Ann Wigmore - Biography

Biography

Wigmore was born Anna Marie Warapicki in Lithuania on March 4, 1909 to Antanas and Anna Warapicki. Her father emigrated to America in 1908, settling in Middleboro, Massachusetts, where he first worked as a laborer in a shoe mfg. company (1920 Fed Census/1924 & 1925 Middleboro city directories) and later as a truck driver for a bakery (1930 Fed Census) during Wigmore's American teen-age years; Wigmore's mother followed five years later, aboard the ship Erlangen, on June 16, 1913. After WWI, Anna Marie, then 13, and her brother, Mykola, age 15, (both surnames erroneously entered on the ship's passenger log as "Varapickis") accompanied by an uncle, arrived at Ellis Island on December 9, 1922 on the ship USS America, to join their parents and younger sister Helen, born February 16, 1921 in Middleboro. The 1930 Federal Census found Wigmore living in Bristol, Massachusetts and working as a hospital maid under the name of Anna Warap.

On December 25,1930, Anna Marie (under the name "Warap" per wedding coverage Stoughton News-Sentinel, 1 Jan 1931) married Everett Arnold Wigmore of Stoughton, Massachusetts, where they resided during their marriage. A daughter, Wilma, was born on July 9, 1941. On January 12, 1942, Wigmore became a United States citizen under Certificate No. 5302785, U.S. District Court, Boston, Massachusetts.

In 1968, Ann Wigmore co-founded the Hippocrates Health Institute, a health resort in the United States, with Viktoras Kulvinskas.

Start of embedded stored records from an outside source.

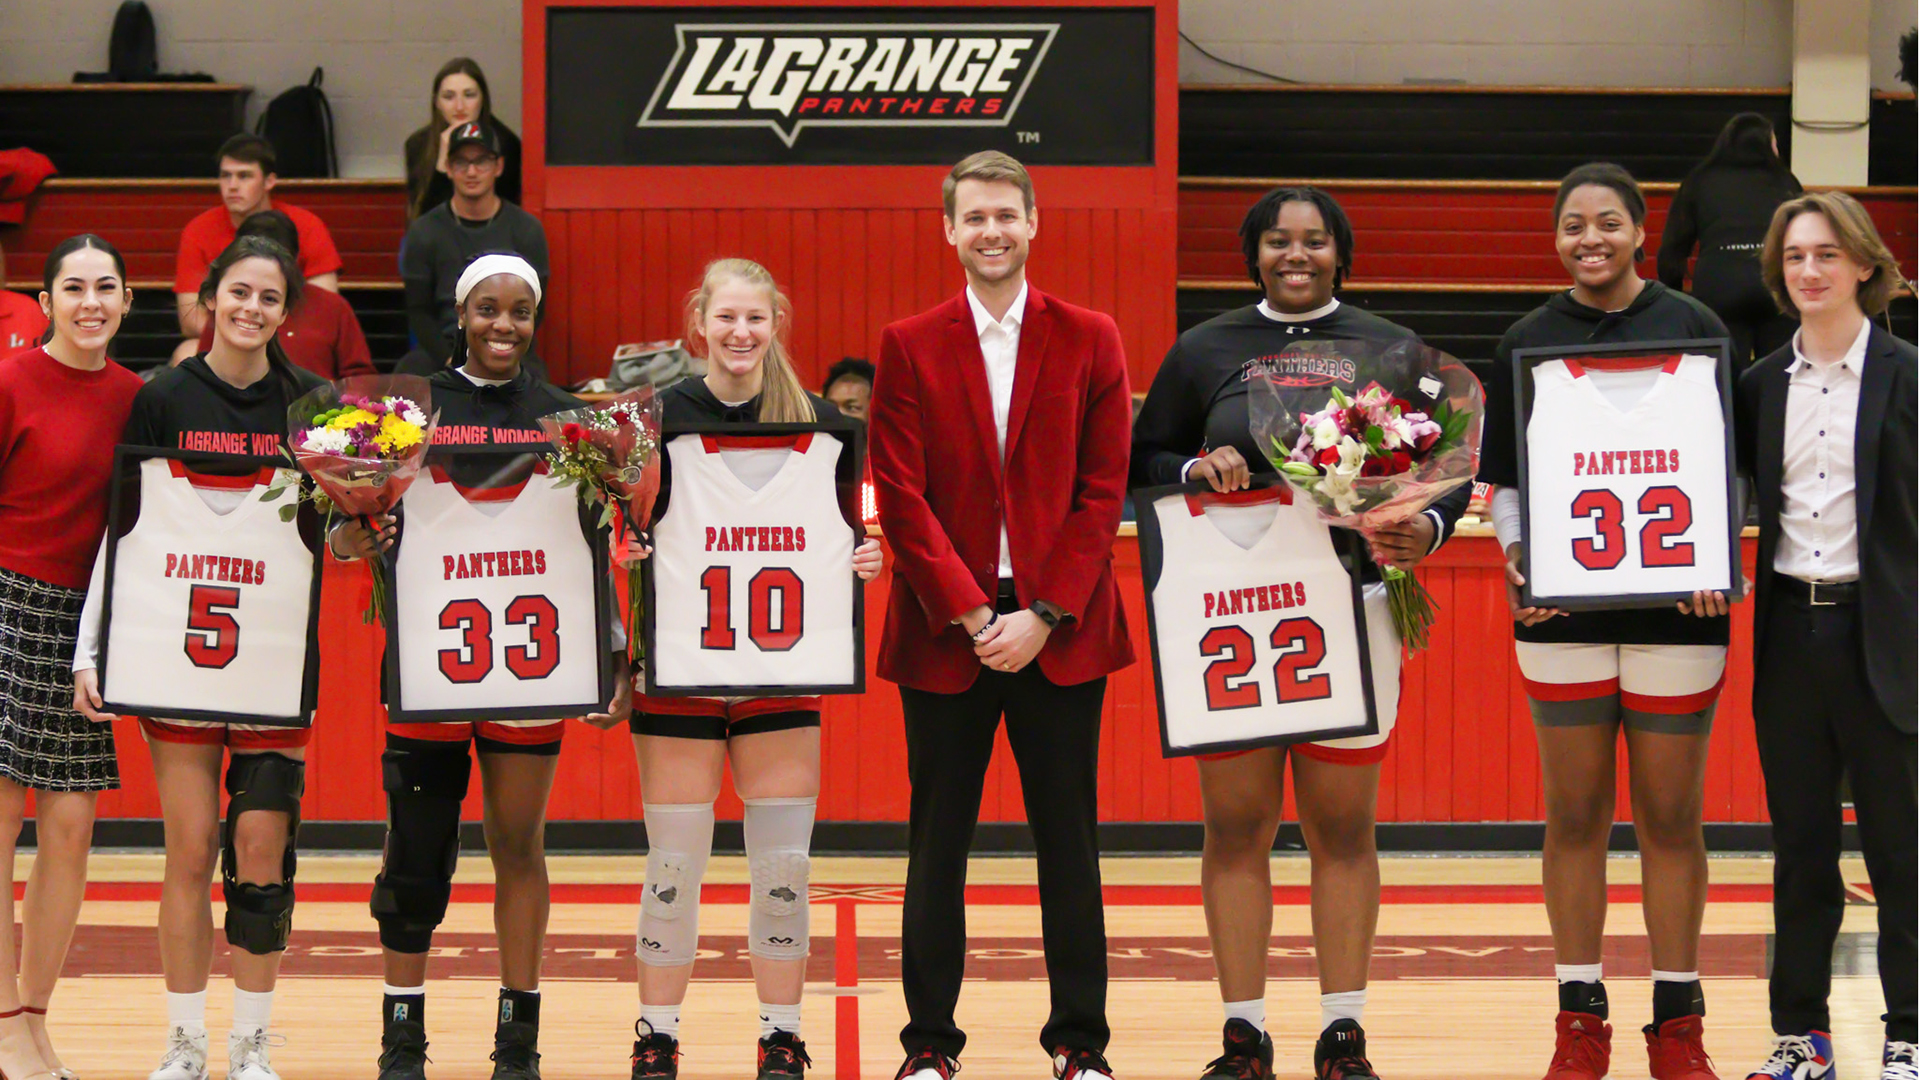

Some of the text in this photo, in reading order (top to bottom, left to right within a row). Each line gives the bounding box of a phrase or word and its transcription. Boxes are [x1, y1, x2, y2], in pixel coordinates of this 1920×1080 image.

[798, 97, 1002, 115] PANTHERS
[1016, 131, 1040, 143] TM
[1241, 358, 1356, 383] PANTHERS
[1575, 449, 1679, 476] PANTHERS
[705, 526, 806, 552] PANTHERS
[1571, 485, 1695, 571] 32
[165, 553, 266, 586] PANTHERS
[443, 549, 547, 580] PANTHERS
[700, 565, 804, 652] 10
[1203, 581, 1307, 619] PANTHERS
[184, 584, 240, 669] 5
[438, 594, 560, 684] 33
[1199, 616, 1332, 712] 22
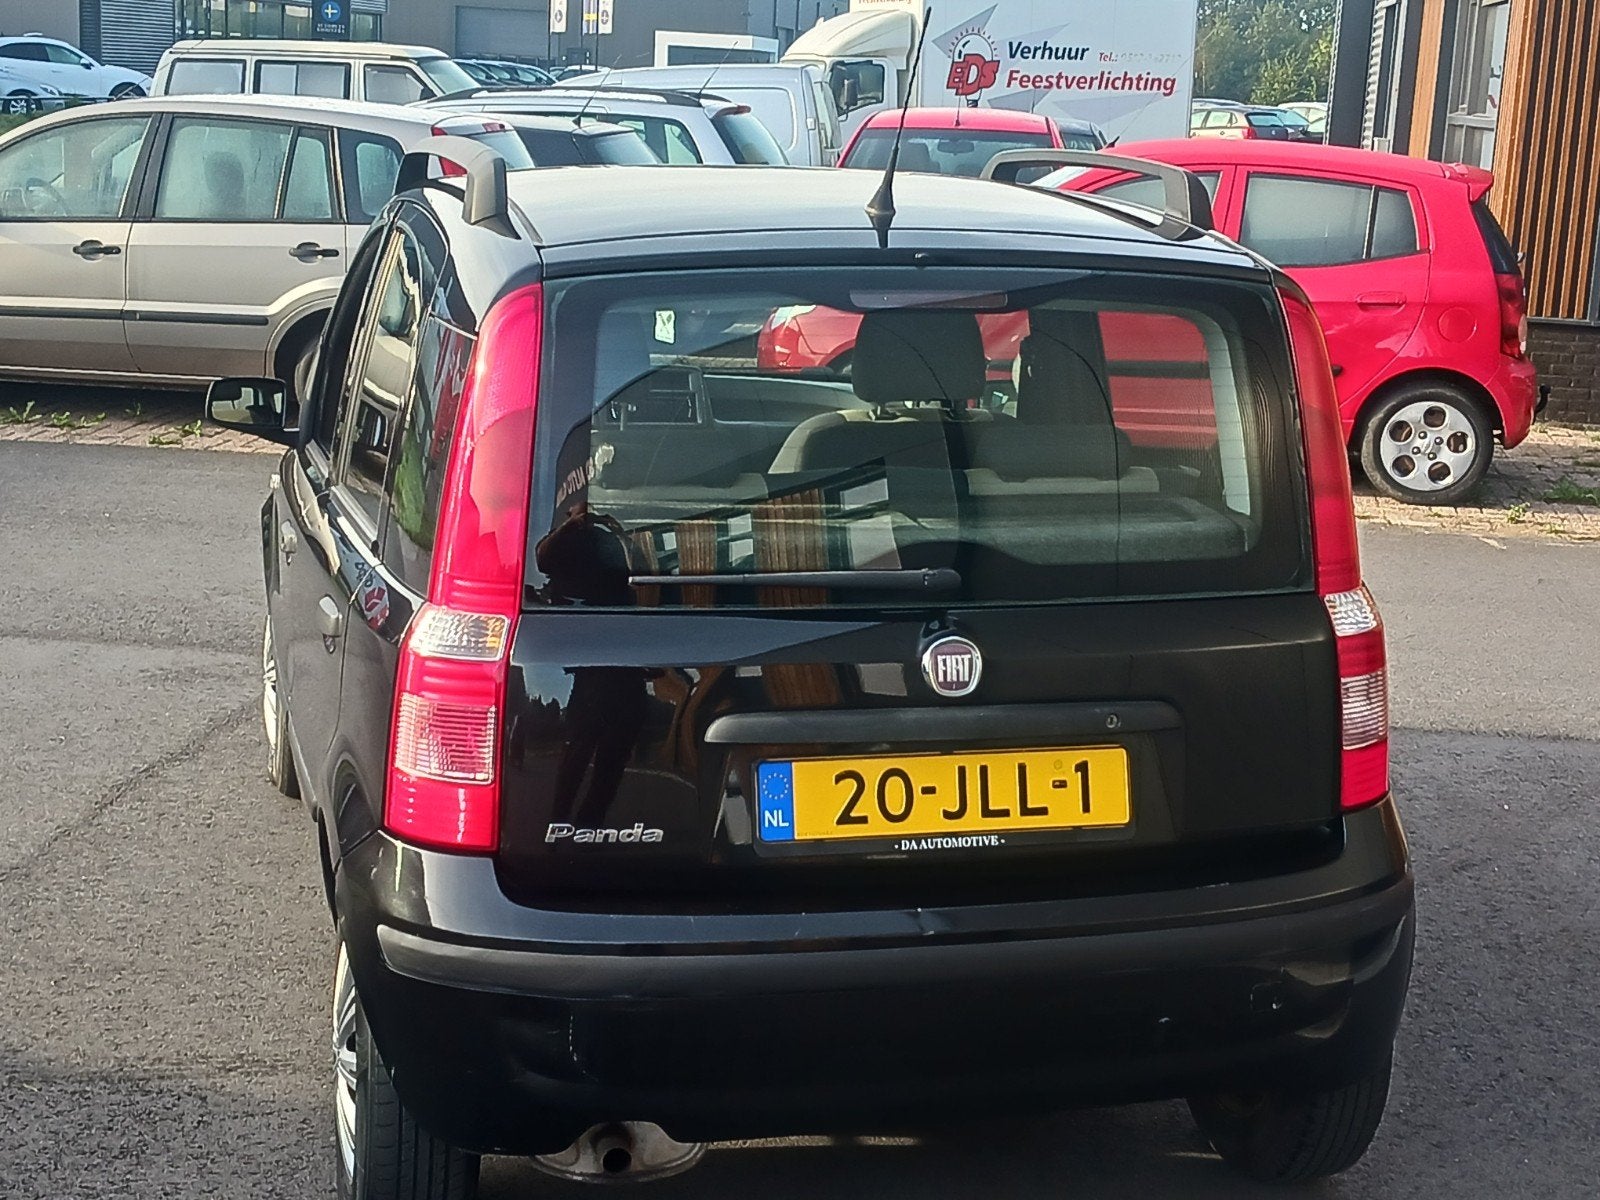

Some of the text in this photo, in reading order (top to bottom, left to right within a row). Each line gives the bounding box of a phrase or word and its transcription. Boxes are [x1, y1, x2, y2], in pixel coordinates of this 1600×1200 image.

[1008, 41, 1090, 61] Verhuur
[947, 53, 1000, 96] EDS
[1006, 69, 1177, 97] Feestverlichting
[937, 654, 971, 683] FIAT
[834, 759, 1092, 826] 20-JLL-1
[544, 822, 664, 843] Panda
[764, 809, 790, 828] NL
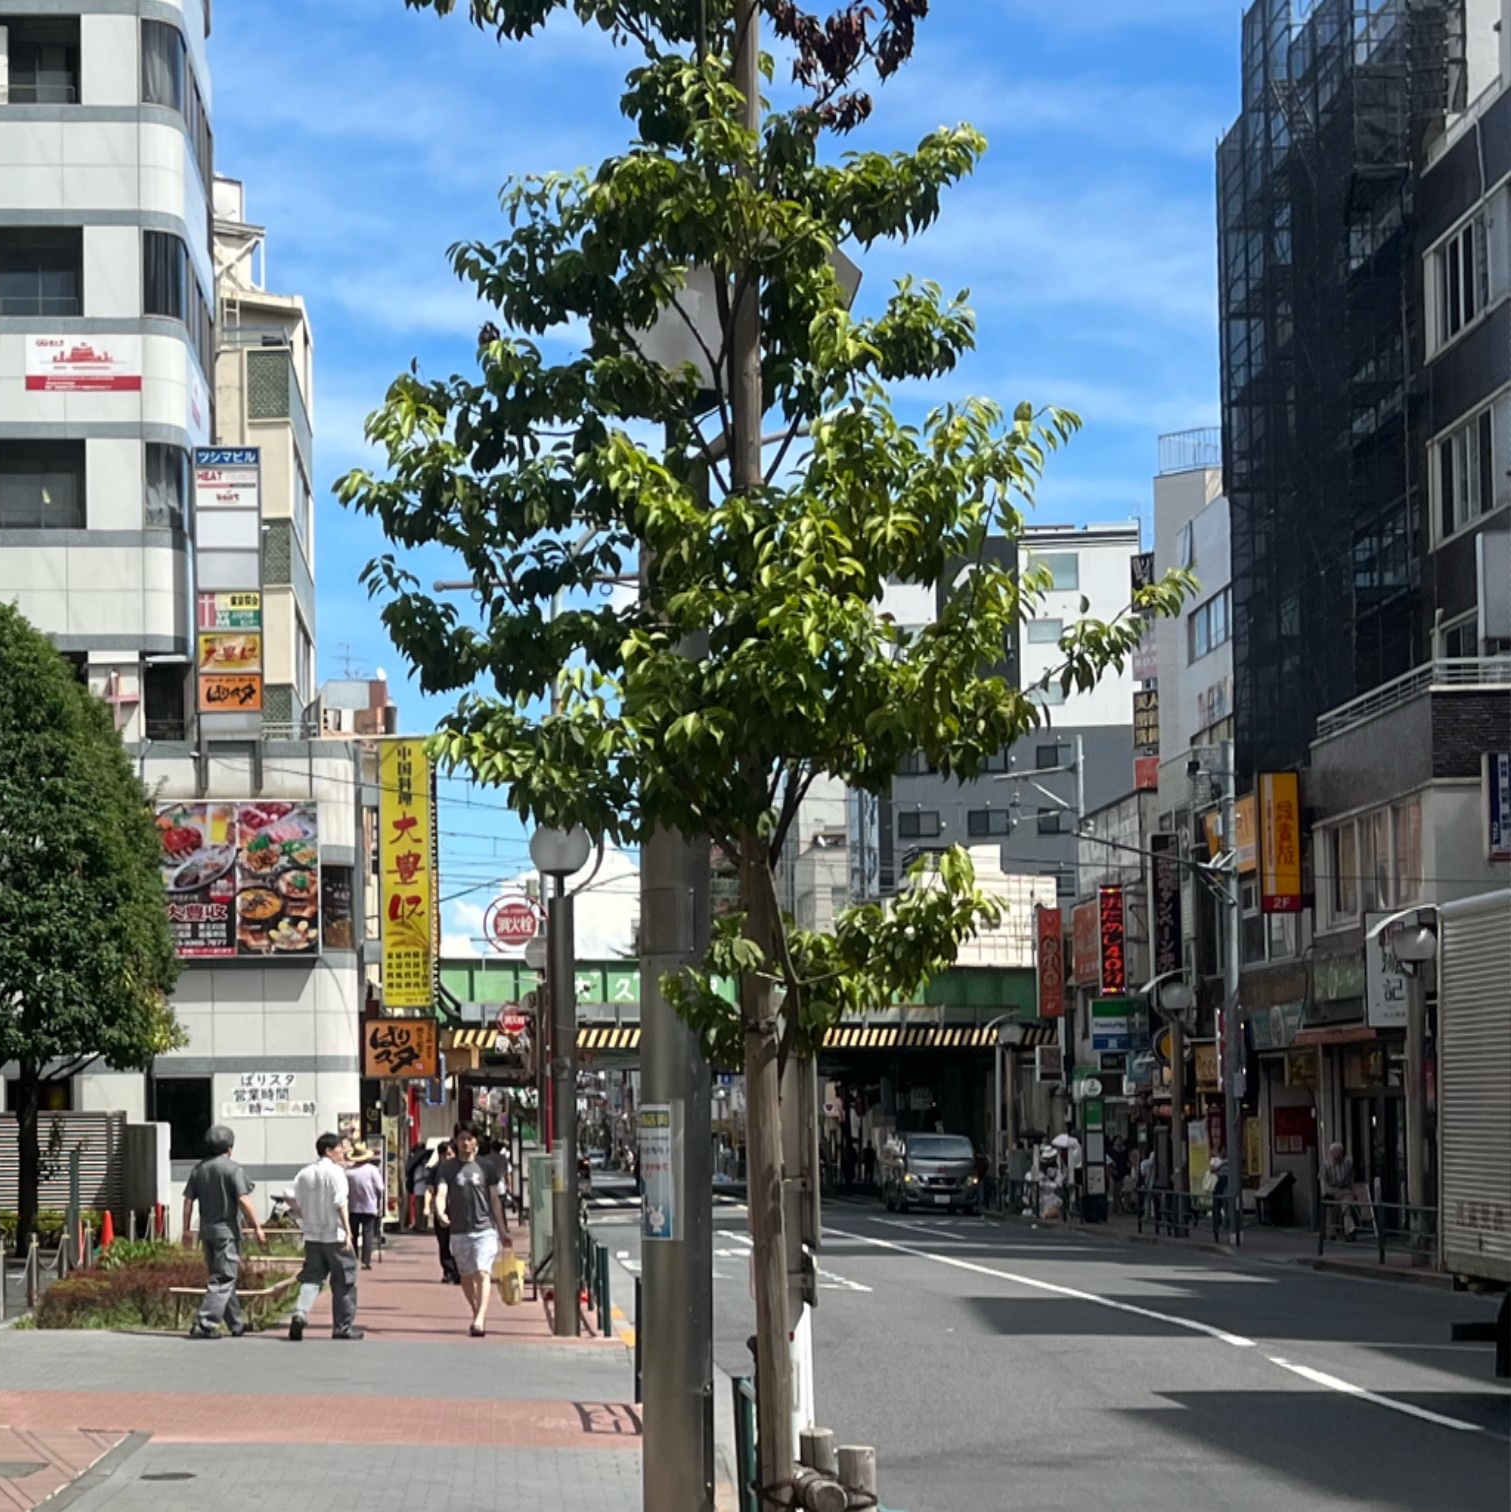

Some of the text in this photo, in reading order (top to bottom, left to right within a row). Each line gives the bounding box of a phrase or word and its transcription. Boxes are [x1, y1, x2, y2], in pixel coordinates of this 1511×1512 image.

[197, 451, 256, 464] ツシマビル
[1273, 897, 1291, 909] 2F
[497, 915, 534, 934] 消火栓
[233, 1088, 290, 1102] 営業時間
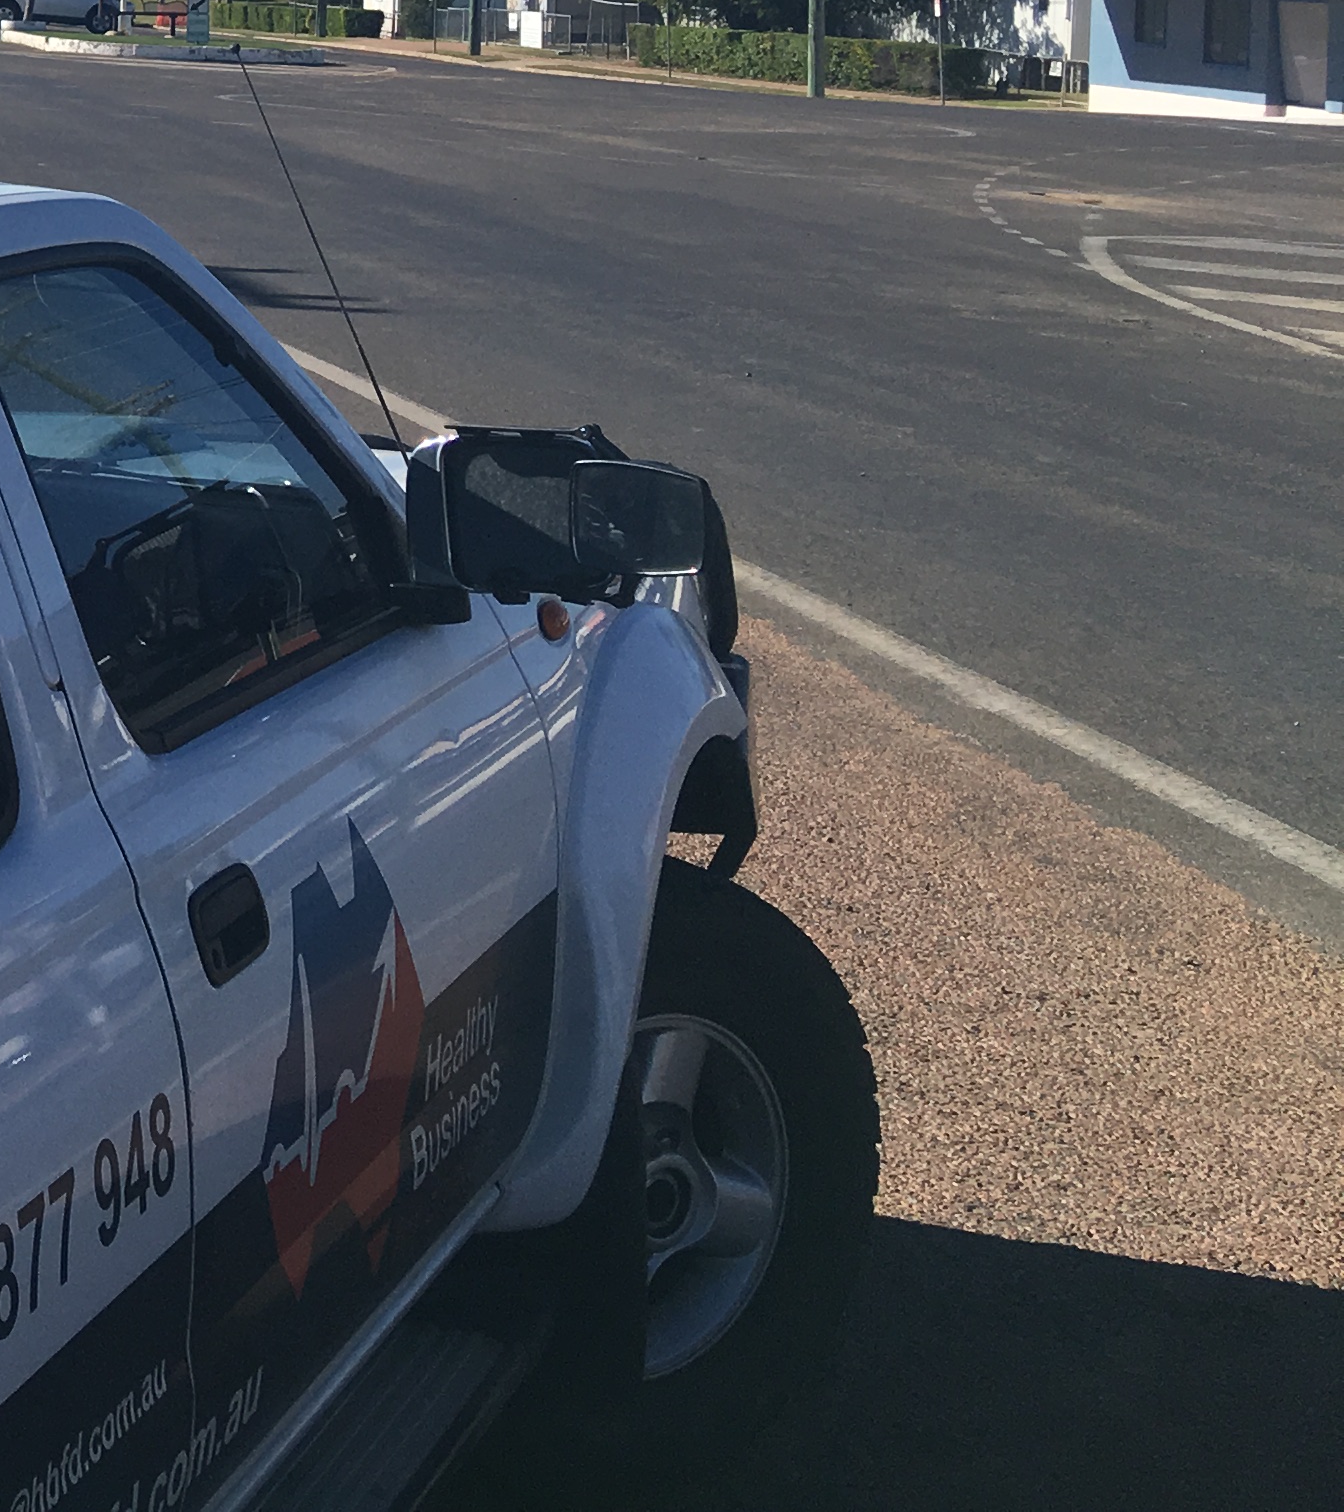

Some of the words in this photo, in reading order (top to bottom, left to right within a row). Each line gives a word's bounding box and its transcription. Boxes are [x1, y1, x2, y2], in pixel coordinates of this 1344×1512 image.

Known as "the mother of living foods", she was an early pioneer in the use of wheatgrass juice and living foods for detoxifying and healing the body, mind, and spirit. She died in Boston on February 16, 1994 of smoke inhalation from a fire at the Ann Wigmore Foundation. When Ann Wigmore died her Institute was not named the Hippocrates Health Institute. It was called the Ann Wigmore Foundation. Brian Clement owned the Hippocrates Health Institute which he moved from Boston to West Palm Beach, Florida.

In her autobiography, Why Suffer?: How I Overcame Illness & Pain Naturally, Wigmore recalls observing her grandmother using herbs and natural remedies as a child in Lithuania. As an adult, she began researching and testing various whole foods and diet approaches, which she credits with solving her medical problems and changing her life.